:: TASK BRIEF ::
Return each line of the data below exactly, omitting any pictures.

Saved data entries
-- Opening Marker --
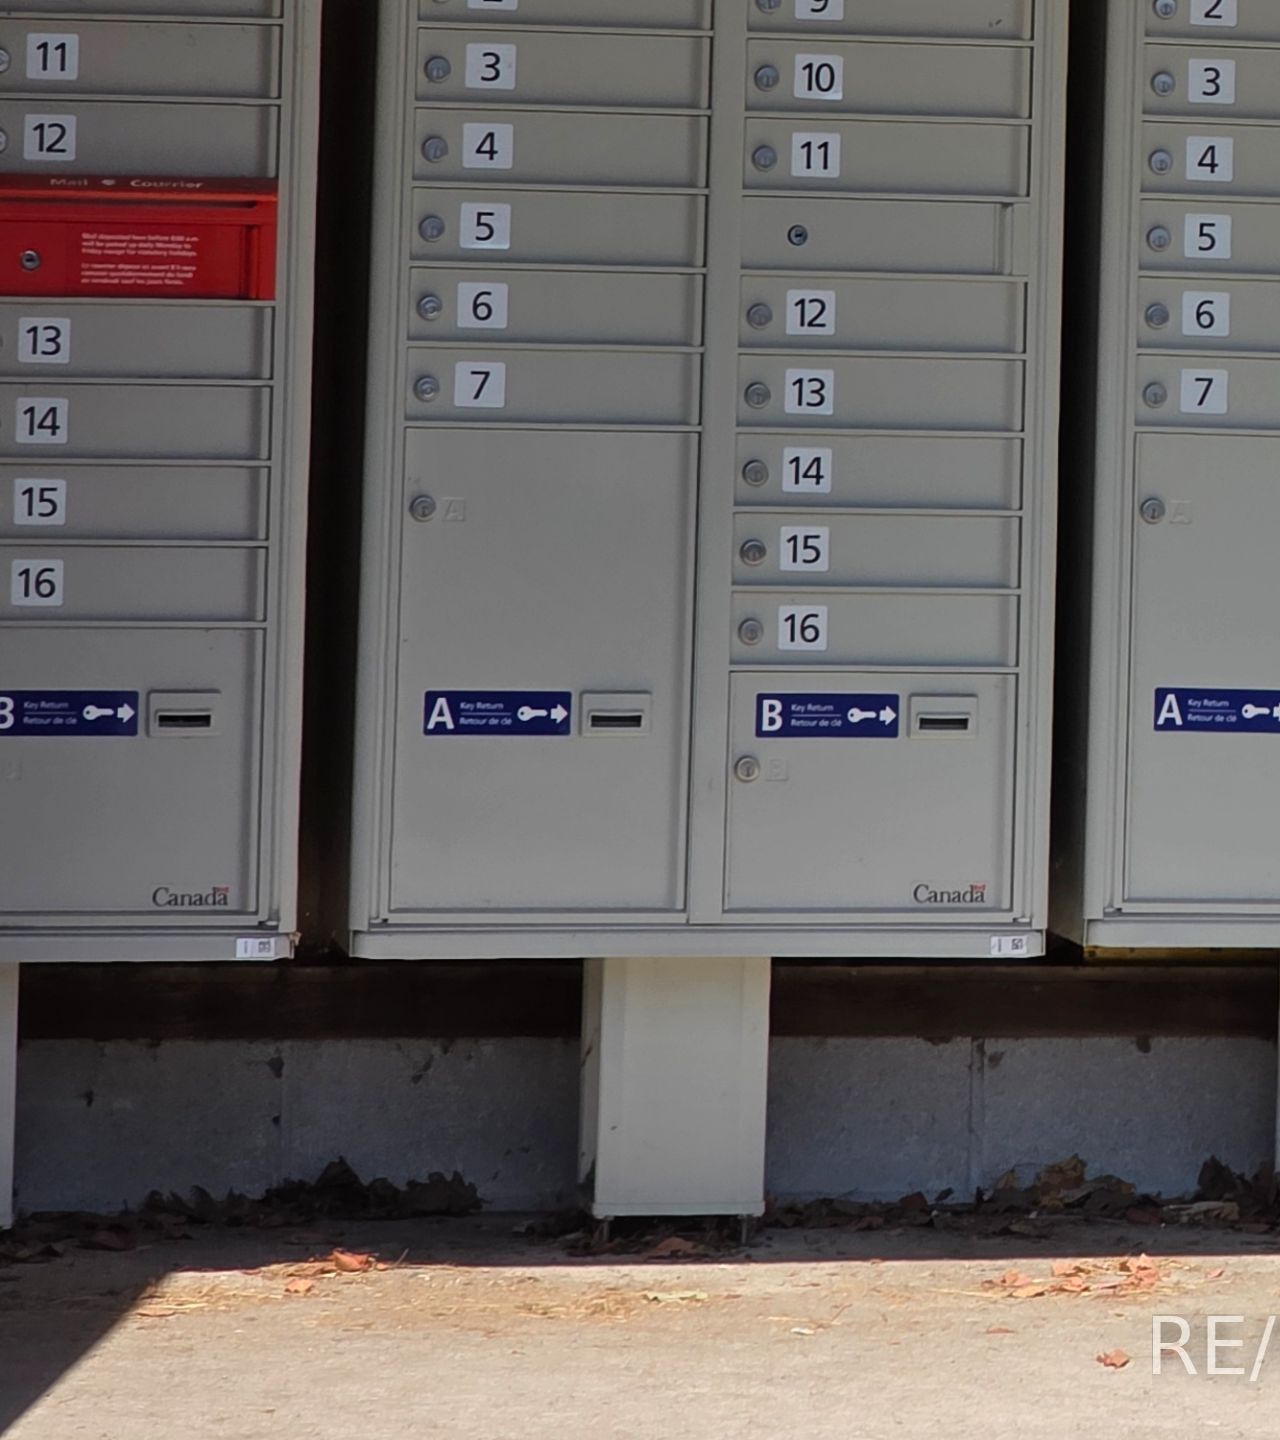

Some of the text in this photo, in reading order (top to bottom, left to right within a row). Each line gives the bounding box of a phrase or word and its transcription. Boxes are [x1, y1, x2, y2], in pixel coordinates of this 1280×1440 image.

[36, 41, 67, 72] 11
[480, 51, 501, 82] 3
[801, 62, 835, 93] 10
[1202, 67, 1221, 97] 3
[32, 122, 67, 154] 12
[475, 131, 499, 161] 4
[800, 140, 829, 171] 11
[1197, 144, 1219, 174] 4
[475, 211, 495, 242] 5
[1198, 222, 1216, 252] 5
[472, 290, 493, 321] 6
[794, 298, 827, 328] 12
[1195, 299, 1215, 330] 6
[26, 325, 62, 356] 13
[470, 370, 491, 400] 7
[791, 377, 826, 408] 13
[1194, 377, 1214, 407] 7
[23, 405, 61, 437] 14
[788, 455, 825, 486] 14
[21, 486, 58, 518] 15
[786, 534, 821, 564] 15
[17, 567, 56, 599] 16
[784, 613, 820, 643] 16
[427, 697, 455, 730] A
[761, 699, 783, 731] B
[1156, 693, 1184, 726] A
[152, 886, 229, 907] Canada
[913, 883, 985, 904] Canada
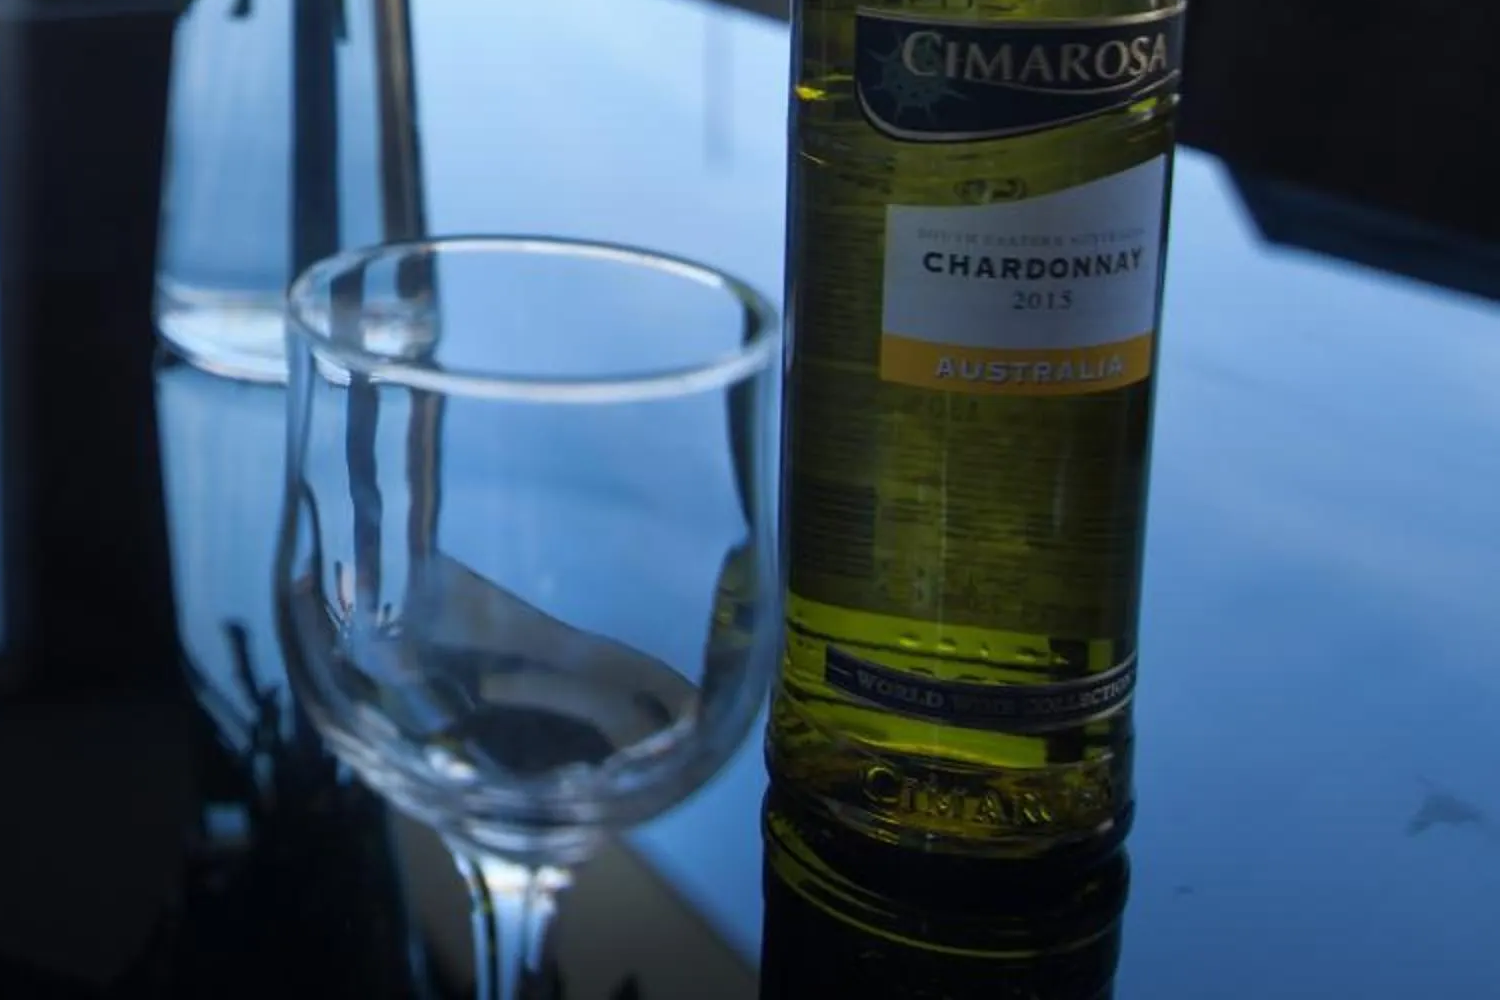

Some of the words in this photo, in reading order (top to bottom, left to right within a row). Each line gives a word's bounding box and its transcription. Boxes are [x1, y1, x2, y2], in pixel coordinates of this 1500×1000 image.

[902, 31, 1168, 82] CIMAROSA
[922, 246, 1142, 279] CHARDONNAY
[1012, 290, 1073, 310] 2015
[935, 354, 1124, 382] AUSTRALIA
[856, 668, 946, 707] WORLD
-- Closing Marker --
:: ANSWER TO THE PROBLEM ::
Some of the text in this photo, in reading order (top to bottom, left to right within a row). Each line gives the bounding box of a phrase or word and its transcription. Boxes are [x1, y1, x2, y2], in pixel coordinates of this 1280×1440 image.

[36, 41, 67, 72] 11
[480, 51, 501, 82] 3
[801, 62, 835, 93] 10
[1202, 67, 1221, 97] 3
[32, 122, 67, 154] 12
[475, 131, 499, 161] 4
[800, 140, 829, 171] 11
[1197, 144, 1219, 174] 4
[475, 211, 495, 242] 5
[1198, 222, 1216, 252] 5
[472, 290, 493, 321] 6
[794, 298, 827, 328] 12
[1195, 299, 1215, 330] 6
[26, 325, 62, 356] 13
[470, 370, 491, 400] 7
[791, 377, 826, 408] 13
[1194, 377, 1214, 407] 7
[23, 405, 61, 437] 14
[788, 455, 825, 486] 14
[21, 486, 58, 518] 15
[786, 534, 821, 564] 15
[17, 567, 56, 599] 16
[784, 613, 820, 643] 16
[427, 697, 455, 730] A
[761, 699, 783, 731] B
[1156, 693, 1184, 726] A
[152, 886, 229, 907] Canada
[913, 883, 985, 904] Canada

Some of the words in this photo, in reading order (top to bottom, left to right within a row). Each line gives a word's bounding box and its transcription. Boxes are [x1, y1, x2, y2], in pixel coordinates of this 1500×1000 image.

[902, 31, 1168, 82] CIMAROSA
[922, 246, 1142, 279] CHARDONNAY
[1012, 290, 1073, 310] 2015
[935, 354, 1124, 382] AUSTRALIA
[856, 668, 946, 707] WORLD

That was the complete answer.